Comment 8 for bug 57731

Revision history for this message
Rogers Veber (labelsarl) wrote : Re: [Bug 57731] Re: Futex hang when exiting using the window close button

Hi Wayne,

A - There are some "strange" behaviours with signal on Linux since the
advent of posix threads. I mean "strange" for programer that is used
with the simple fork()/wait()/exit().
     What I just concluded with all of this, is :
     if one choose to use this then he has to avoid using some library
function within the handlers (such as fprintf, ...), and has to do as
less as possible within those handlers.
     See
http://www.gnu.org/s/libc/manual/html_node/Nonreentrancy.html#Nonreentrancy

B - If you are the maintainer of the program you use, you may have to
manage differently the death of son processes.
     1) If you don't mind the exit status of the son nor mind to know
when they dies just use SIG_IGN as handler.
         There should be no zomby process at all while the process must
be removed from list by the kernel if the father is not interested with
SIGCLD (SIGCHLD).
    2) If you mind, then it is a bit more complicated. You should
maintain two lists of sons, one for the living ones and the second for
the dead ones.
        When you receive the signal, in the handler, just get the status
by wait() syscall retrieve the son from the "Living" list, remove it and
add it to the "Dead" list.
        Then, from the outside of the handler, you may use any function
(fprintf and nonreentrant functions). Of course you should periodically
take a look in the "Dead" list.

C - In my program I push a 0.
     I used no specific document, I was just expecting that the futex
was working similarly as a traditional semaphore (see semop(2)).

D - For the FUTEX_WAKE.
     I am not quite sure but, I suppose the FUTEX_WAKE should be done by
the user process NOT by the kernel.
     And may be, it has really been done but at some point of the code
that should not have been interrupted by a signal.

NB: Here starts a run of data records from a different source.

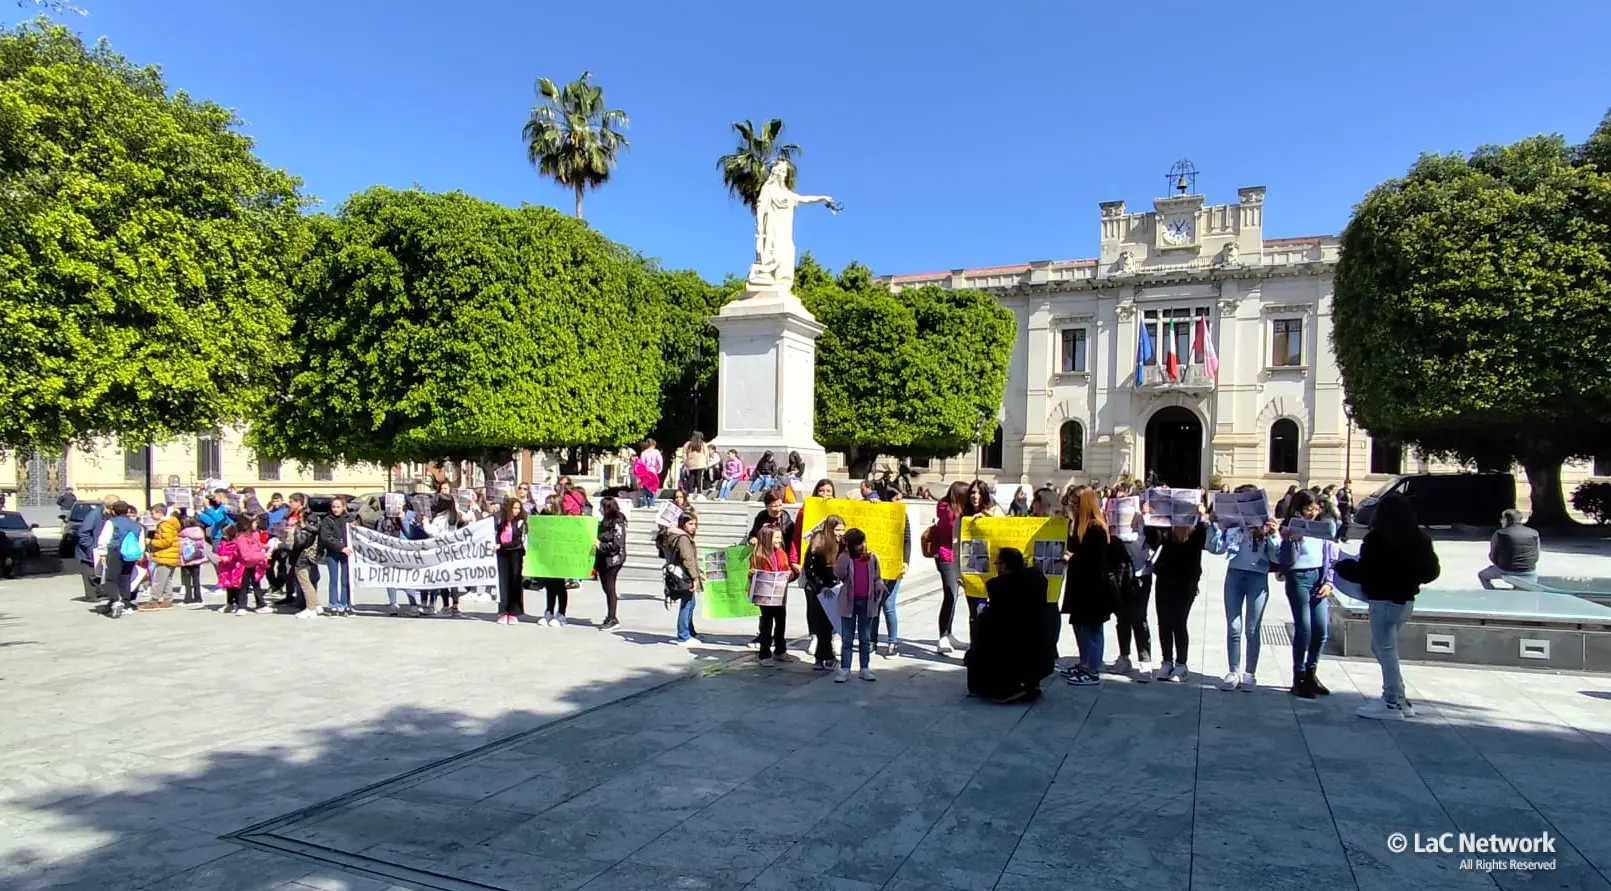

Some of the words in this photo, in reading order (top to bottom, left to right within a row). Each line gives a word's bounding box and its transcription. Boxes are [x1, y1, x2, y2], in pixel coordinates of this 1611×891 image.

[435, 527, 473, 546] ALLA
[435, 540, 495, 563] PRECLUDE
[354, 567, 365, 582] IL
[368, 567, 420, 583] DIRITTO
[423, 569, 450, 584] ALLO
[454, 565, 497, 582] STUDIO

     Just suppose your program is calling fprintf(stderr, ....) and
waiting for some event inside this function(buffer, fflush, ...) and a
signal occurs (ie SIGCLD).
     The signal handler uses fprintf(stderr, ...) too. It could easily
lead to data corruption.

What was doing your program at the time of the signal delivery ?

I hope this will help you.

Cheers.

-Rogers

> Hi Rogers,
> Thanks for your interesting C-code!
> Occasionally I am experiencing the same problem.
> The program freezes due to a FUTEX_WAIT call (detected by the use of strace), directly after the arrival of SIGCHLD.
> After reading some documents on futexes I believe to know, that the reason for the deadlock is a missing FUTEX_WAKE call by the kernel to wake up the suspended processes/threads again.
> In your program your are writing a zero to the futex value.
> Why is this working? Did you refer to a specific document?
>
> Cheers,
> Wayne
>